Charities seize the day by shifting towards electronic payments
Charities such as Cancer Council Australia and World Vision are already using tap-and-go for donations in the street and shifting towards more regular digital payments from donors.
World Vision Australia head of marketing Garth Stirling says the pressure is on charities to adapt.
“Society is constantly changing and the pace is getting faster,” he says. “The key is to identify and seize those opportunities.”
World Vision has not traditionally relied heavily on pure cash transactions, but Stirling adds that “we have certainly seen a big drop in cash donations”.
“People just don’t have cash in their pockets or purses like they used to. On the other hand, e-commerce and [tap-and-go devices] to donate have all risen as cash has decreased.”
World Vision has been trialling devices provided by technology company Quest for contactless payments through more than 100 corporate retail partners, as well as directly with the public. “We are treating this as a new revenue channel rather than a replacement for cash donations as it’s a slightly different giving behaviour,” Stirling says.
He believes digital and corporate opportunities abound for charities such as World Vision.
“Peer-to-peer experience platforms allow participants to promote their activity via their social networks, reaching and converting more supporters. Partnerships with corporate partners like Jetstar, where a World Vision donation is available at point of purchase, are exciting new opportunities for supporters and charities.”
Innovation the key when it comes to digital payment
With the cost of interchange fees and digital payments coming down, Mermelshtayn believes that cash won’t be king forever, even in developing markets. “Those are trends that are going to continue the demise of cash, but I think cash will be around for at least another 20 years.”
For businesses, though, he says the advantages of simpler payment reconciliation and integration with software such as Xero and MYOB will push them to adopt non-cash payments.
“Plus, if consumers are demanding alternative payments, the future for businesses that don’t adjust is not going to look bright.”

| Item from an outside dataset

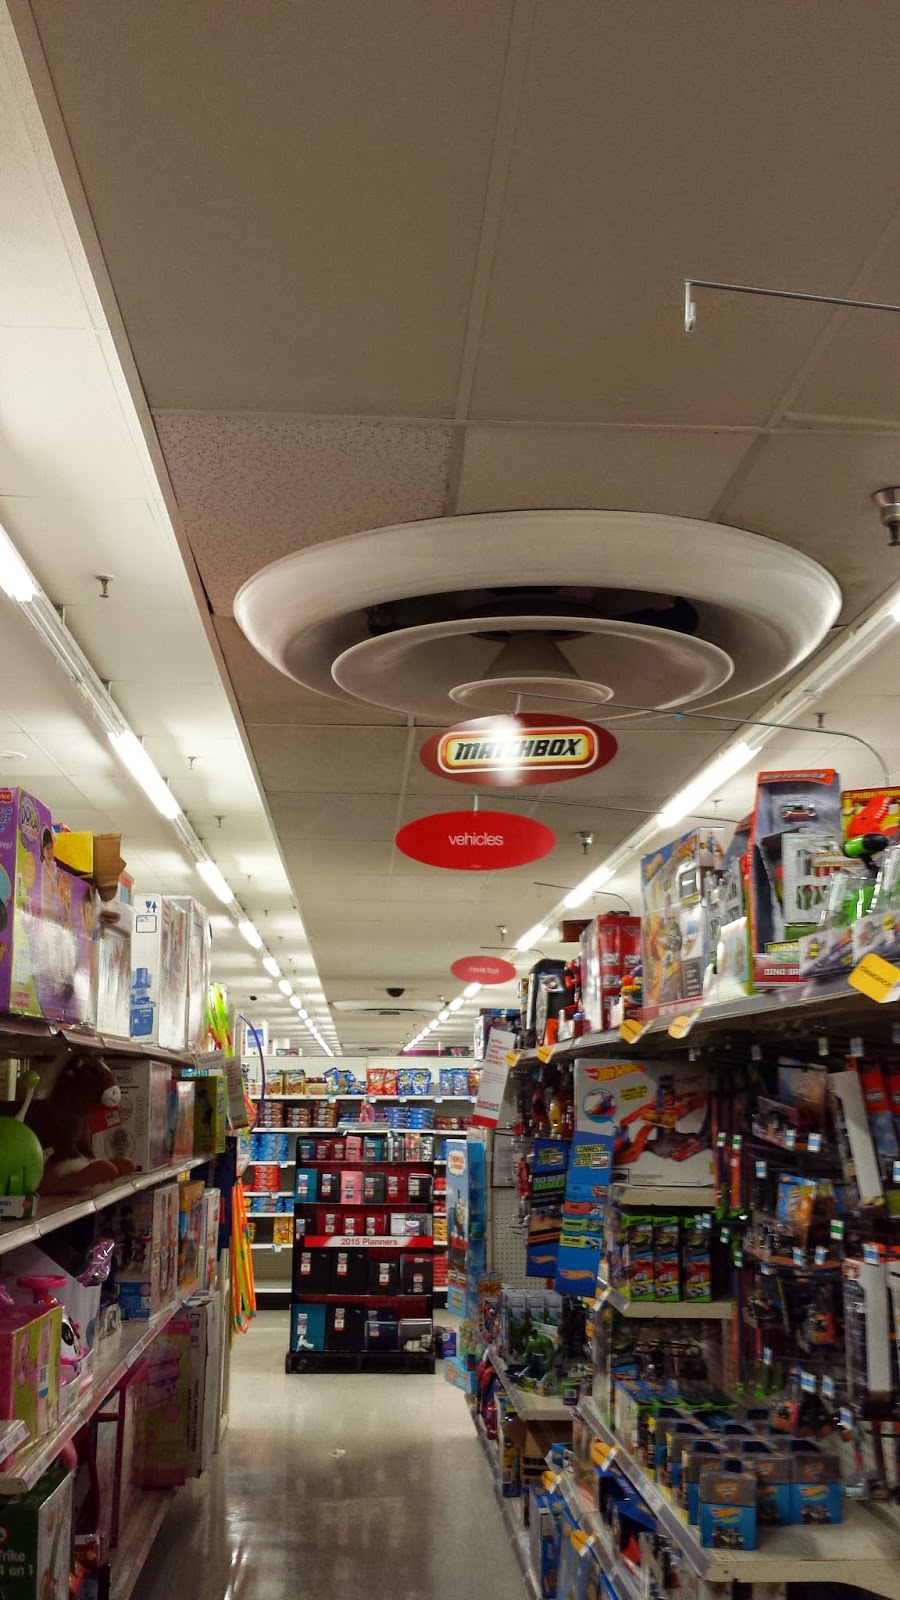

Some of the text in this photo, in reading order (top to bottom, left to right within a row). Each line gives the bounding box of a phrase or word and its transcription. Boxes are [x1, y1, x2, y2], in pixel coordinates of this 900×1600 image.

[449, 832, 504, 846] vehicles
[469, 966, 499, 975] movie toys
[341, 1237, 398, 1246] 2015 Planners

For those businesses or charities that are still reluctant to shift from cash to digital payments, Aranda points out that handling cash creates a lot of work. While not wanting to reject donors who like to give cash, she is determined to ensure that Cancer Council Australia is flexible and adaptive.
“Our focus is on staying on top of the changing patterns and being available to donors in whatever form they prefer.”

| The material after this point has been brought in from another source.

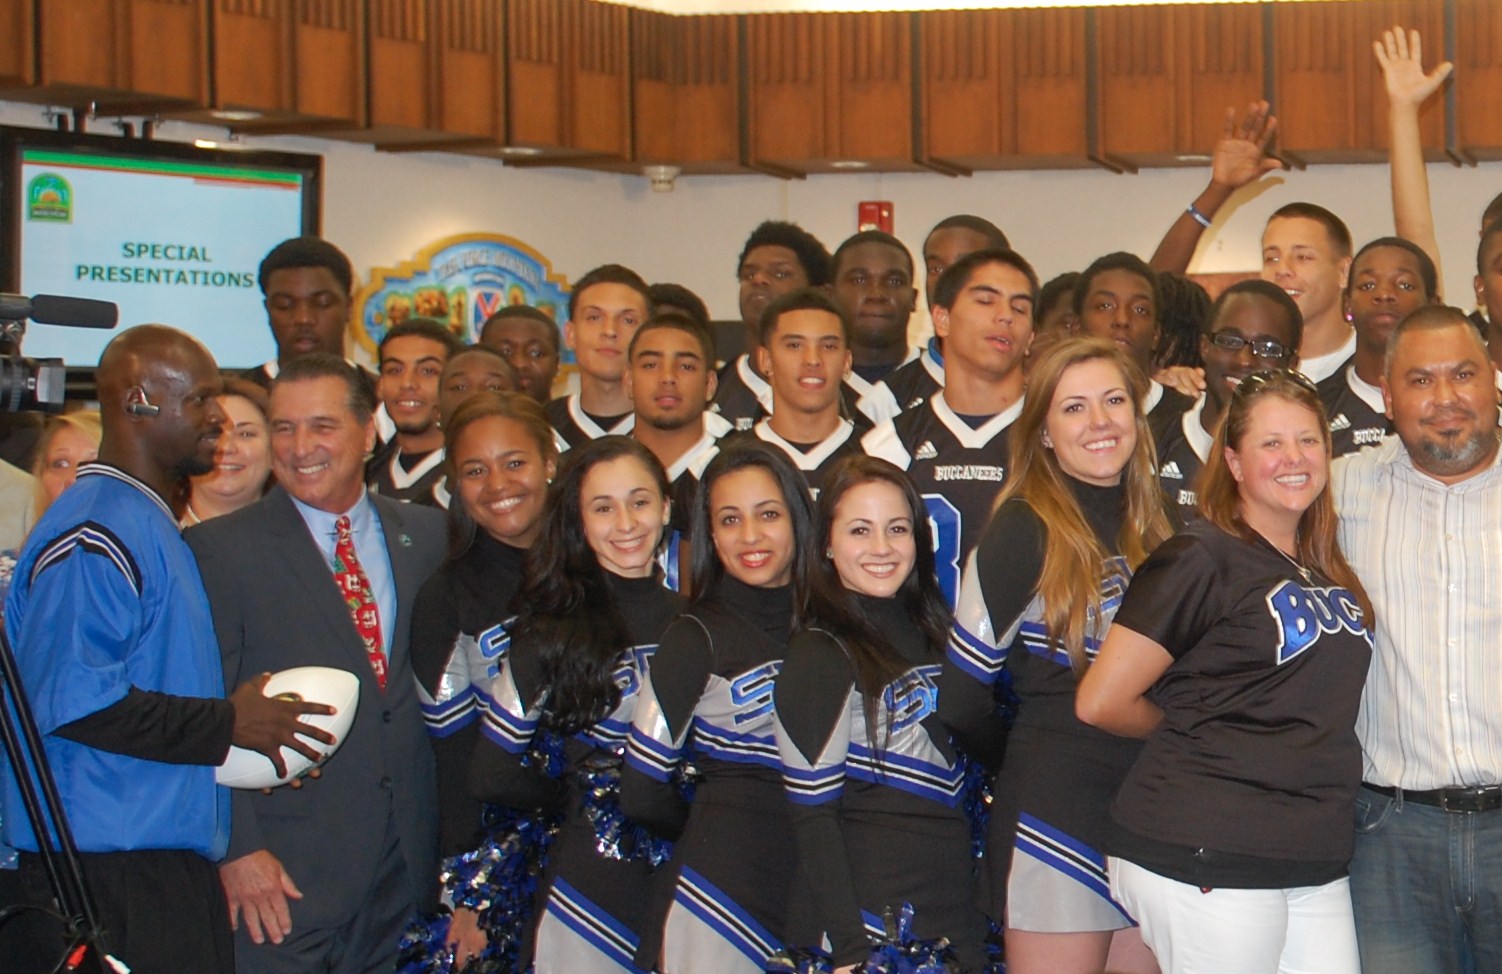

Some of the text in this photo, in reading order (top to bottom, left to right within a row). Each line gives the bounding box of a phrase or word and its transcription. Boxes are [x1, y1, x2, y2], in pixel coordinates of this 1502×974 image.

Is cash a black market boon?
Only one in five Australians still prefers using cash for purchases, according to the Australian Taxation Office (ATO).
On the whole, people prefer the ease of using a card, phone or even a smartwatch. Most businesses, as a result, are responding.
“Ninety per cent of businesses are already offering electronic payment services, and a similar amount report that their customers expect to be able to use digital payment,” says ATO assistant commissioner Peter Holt. “Businesses know what their customers want and what they want is the convenience and security of cashless transactions.”
While some see the cash economy as a boon for the black market, the ATO acknowledges that cash is legal tender and businesses have a right to transact in cash only if they choose.
“[However] our research reveals that most consumers find it inconvenient when paying cash is their only option, and that they’re twice as likely to associate ‘cash only’ as negative rather than positive,” Holt says.
A small number of businesses may be using cash only or cash discounts as a means to avoid paying tax, but others may have legitimate reasons as to why they choose to operate as cash only. Holt warns such operations, though, that it is easier to make mistakes with cash payments and that the ATO is determined to crack down on rogue businesses that are contributing to the black market.
“We are visiting businesses around Australia as part of our work to protect honest businesses from unfair competition by addressing black economy activities.”